Sabores de Nueva Orleans, la cocina de Luisiana

Mónica Salazar Vevia28/09/2018

La cocina francesa colonial se fusiona con la africana, la española, la italiana, la caribeña y la nativa americana al compás de las notas de jazz que envuelven guisos y platos profundamente sazonados y picantes.
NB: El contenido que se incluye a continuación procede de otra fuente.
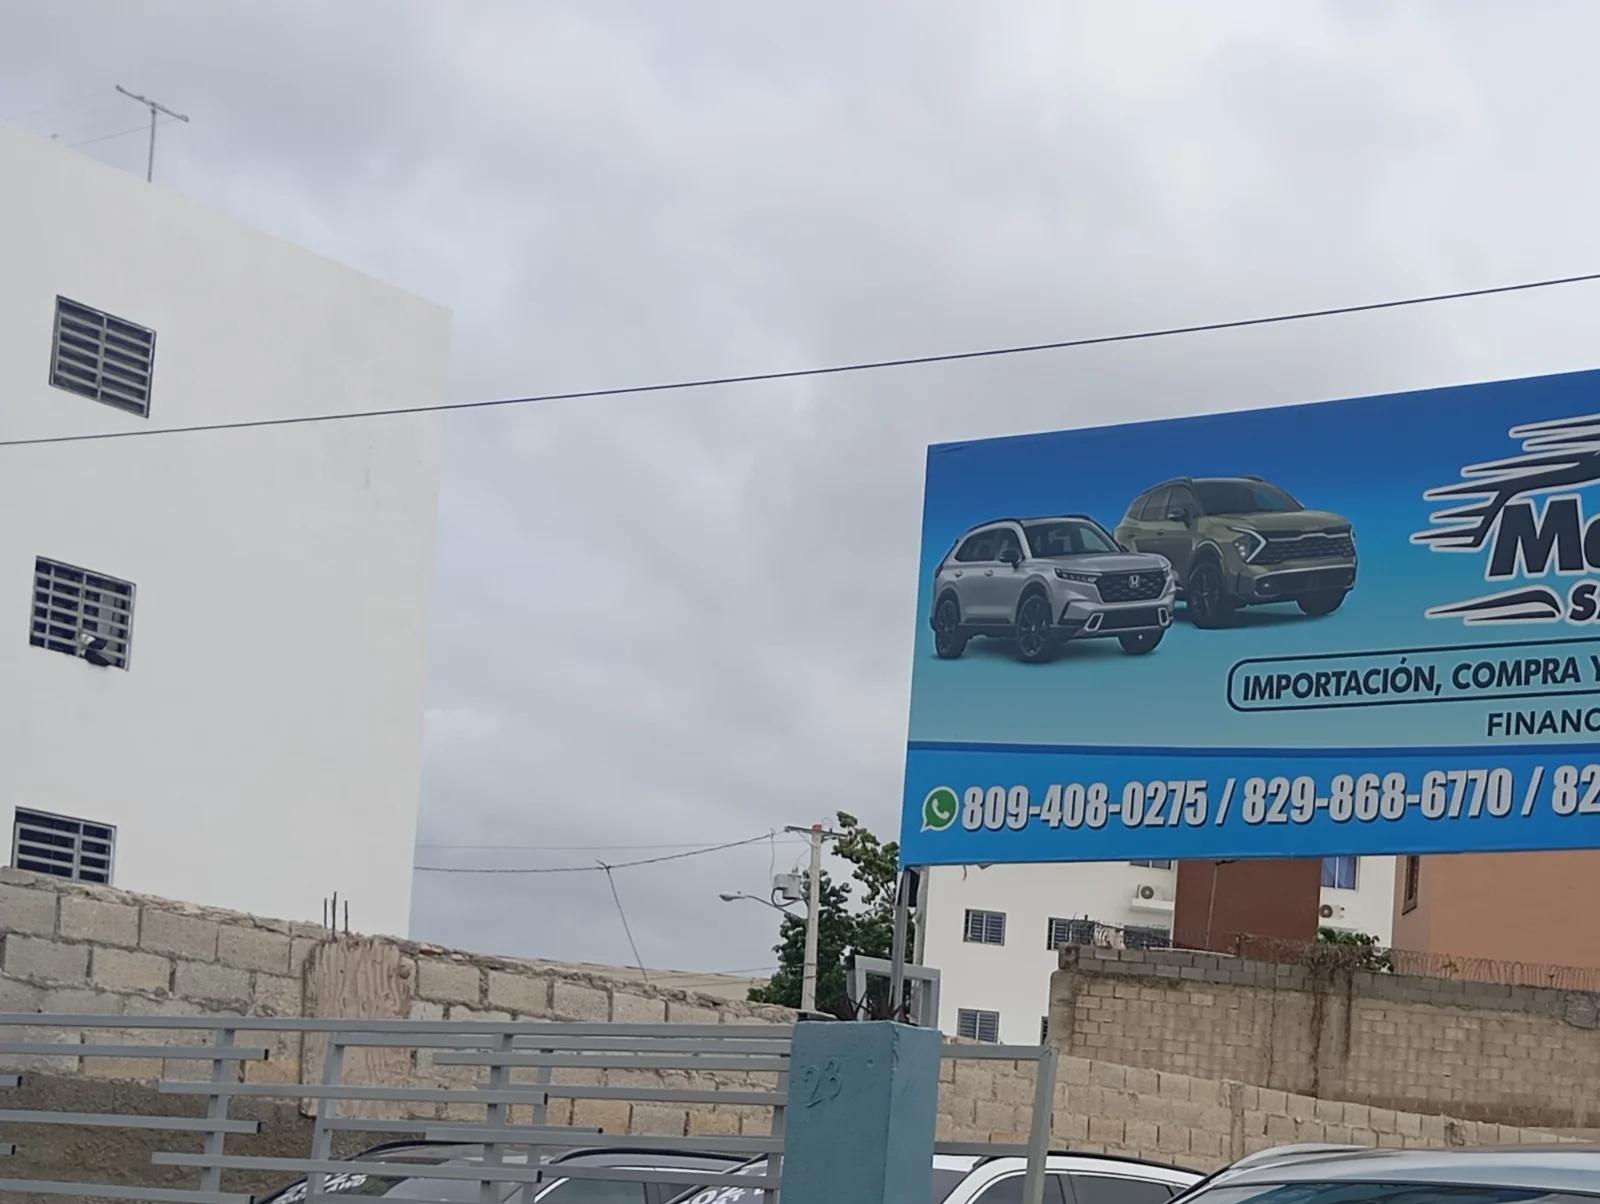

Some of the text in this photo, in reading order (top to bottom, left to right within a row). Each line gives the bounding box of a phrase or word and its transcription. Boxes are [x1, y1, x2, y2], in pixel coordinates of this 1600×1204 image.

[1242, 657, 1443, 701] IMPORTACIÓN,
[1451, 656, 1582, 690] COMPRA
[961, 780, 1208, 831] 809-408-0275
[1242, 767, 1513, 826] 829-868-6770
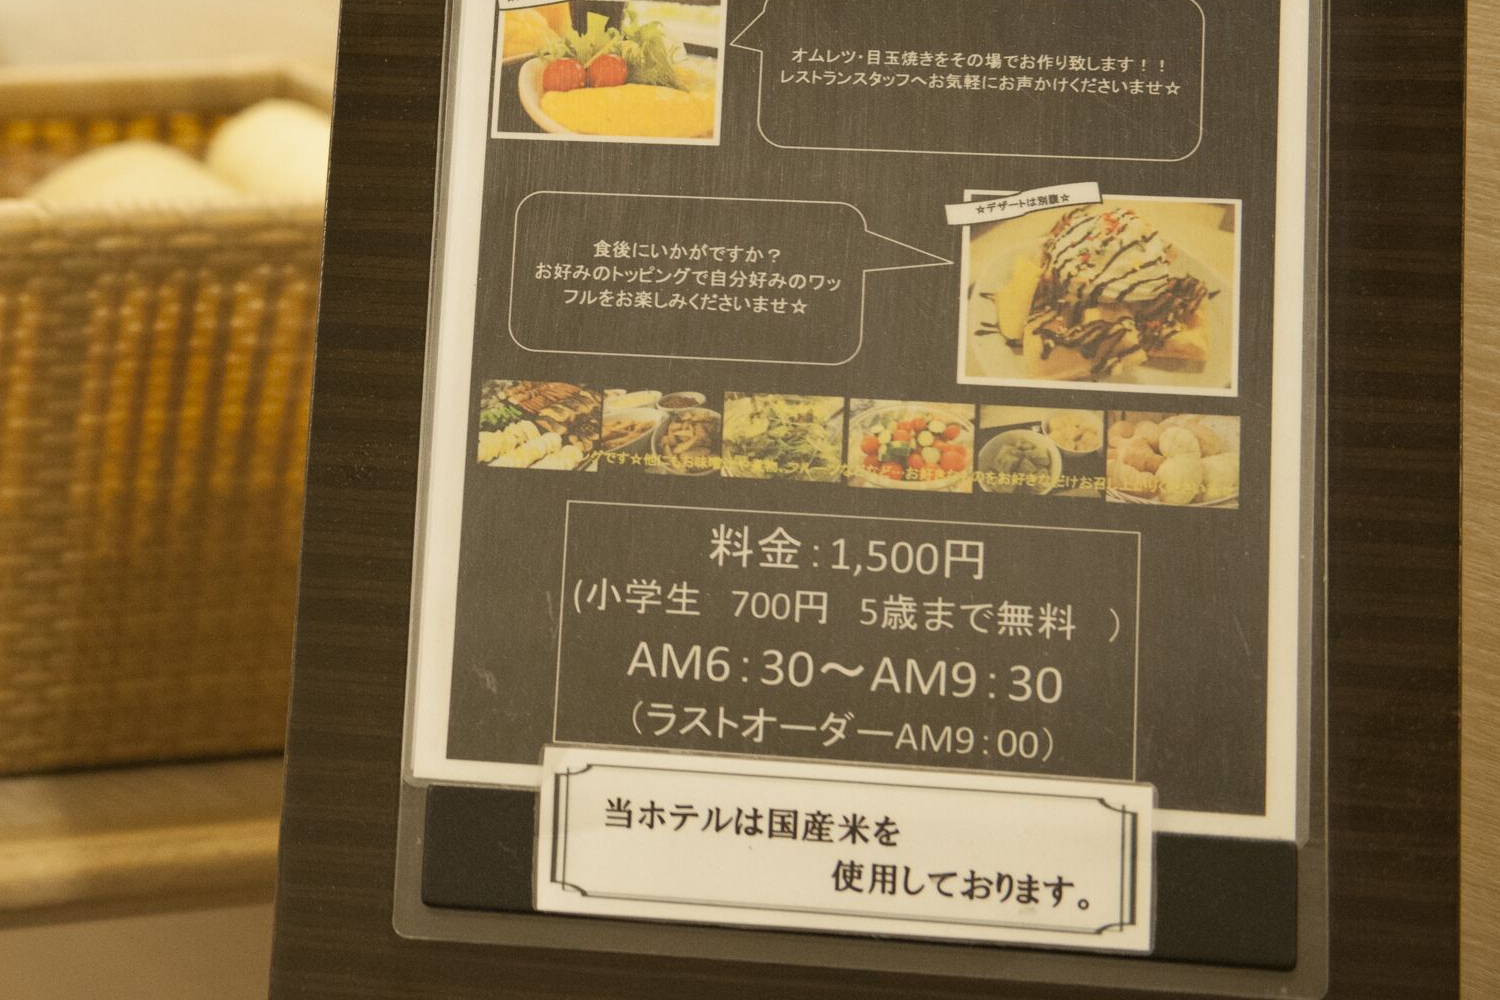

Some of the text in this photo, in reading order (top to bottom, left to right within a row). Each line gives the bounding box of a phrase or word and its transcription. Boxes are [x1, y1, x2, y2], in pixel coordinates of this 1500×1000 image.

Muchos consideran Nueva Orleans, denominada también NOLA, como la capital gastronómica de EEUU y no les falta razón. La ciudad más dinámica del Estado de Luisiana guarda un tesoro gastronómico sin igual, una cocina legendaria venerada por escritores de la talla de Mark Twain, donde un crisol de culturas y mestizaje han desarrollado un festival de platos para todos los sentidos. NOLA fue fundada por los franceses en 1718 (este año se celebró el tricentenario de su fundación). Allí podemos encontrar el restaurante más antiguo de Estados Unidos en propiedad unifamiliar, Antoine's, fundado en 1840 como un hotel de alojamiento franco-criollo.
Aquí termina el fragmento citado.